I felt Sarah’s hand in mine and looked over to see tears on her face, as she watched her mother stroke Tyler’s hair, crooning over him like she would a small child.
“I’m sorry,” Tyler choked, his head still in her lap. “Oh, Mom, I’m so sorry…”
It broke my heart into a thousand pieces to hear him say those words to her, to see the pain on her scarred, burned face. One of her eyes was staring at nothing—I knew it was made of glass. I didn’t know what had happened to her, but the scars she bore on her face were clearly nothing compared to the ones she harbored on the inside.
“No, sweetheart,” Leanne whispered, her ravaged face streaked with tears. “I’m sorry. So very, very sorry.”
“I shot him,” Tyler croaked. “I didn’t mean to… she said he was going to kill you… I…”
“You were just a baby.” Leanne gave a soft sob, wrapping her arms more fully around him. “It’s not your fault.”
Hearing her say those words made me cry even harder.
I wanted to go put my arms around him, around both of them, but I didn’t want to interrupt the moment.

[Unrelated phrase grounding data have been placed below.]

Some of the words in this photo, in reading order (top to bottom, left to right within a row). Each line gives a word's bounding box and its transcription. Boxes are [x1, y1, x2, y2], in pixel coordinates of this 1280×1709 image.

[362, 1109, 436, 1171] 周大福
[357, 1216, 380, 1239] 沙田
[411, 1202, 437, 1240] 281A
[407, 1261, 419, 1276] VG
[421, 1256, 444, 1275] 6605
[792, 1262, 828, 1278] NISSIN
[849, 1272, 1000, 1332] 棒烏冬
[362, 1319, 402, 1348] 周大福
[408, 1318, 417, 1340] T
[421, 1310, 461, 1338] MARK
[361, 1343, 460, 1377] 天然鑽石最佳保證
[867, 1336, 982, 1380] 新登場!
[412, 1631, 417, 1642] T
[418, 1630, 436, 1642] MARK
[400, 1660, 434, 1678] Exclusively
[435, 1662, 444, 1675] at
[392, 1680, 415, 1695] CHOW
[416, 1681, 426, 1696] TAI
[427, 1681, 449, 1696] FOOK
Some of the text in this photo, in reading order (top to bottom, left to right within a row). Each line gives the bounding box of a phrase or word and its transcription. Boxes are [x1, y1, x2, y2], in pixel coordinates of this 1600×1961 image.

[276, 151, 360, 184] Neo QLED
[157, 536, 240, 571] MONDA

So, I turned to Sarah, who put her arms around me, and we held onto each other, watching the reunion of mother and son, one that none of us had ever believed could or would ever happen.
We all had a good cry, and we three women shared a box of Kleenex while Tyler excused himself to go to the bathroom. While he was in there, Sarah and Leanne put food out on the table—we’d come over for dinner, after all—and I helped. Sarah and I had spent months hanging out, living together, and we were comfortable around each other.
Leanne sat at the table, listening to me and Sarah banter back and forth, smiling to herself. I don’t think any of us had expected Tyler to warm so quickly to his mother. Sarah had, but that made sense. She’d been the youngest—and she was a girl. But when Sarah first talked to me about her idea, I’d been naturally hesitant. I didn’t know if Tyler would agree. And even if he did agree, I wasn’t sure it would turn out so well.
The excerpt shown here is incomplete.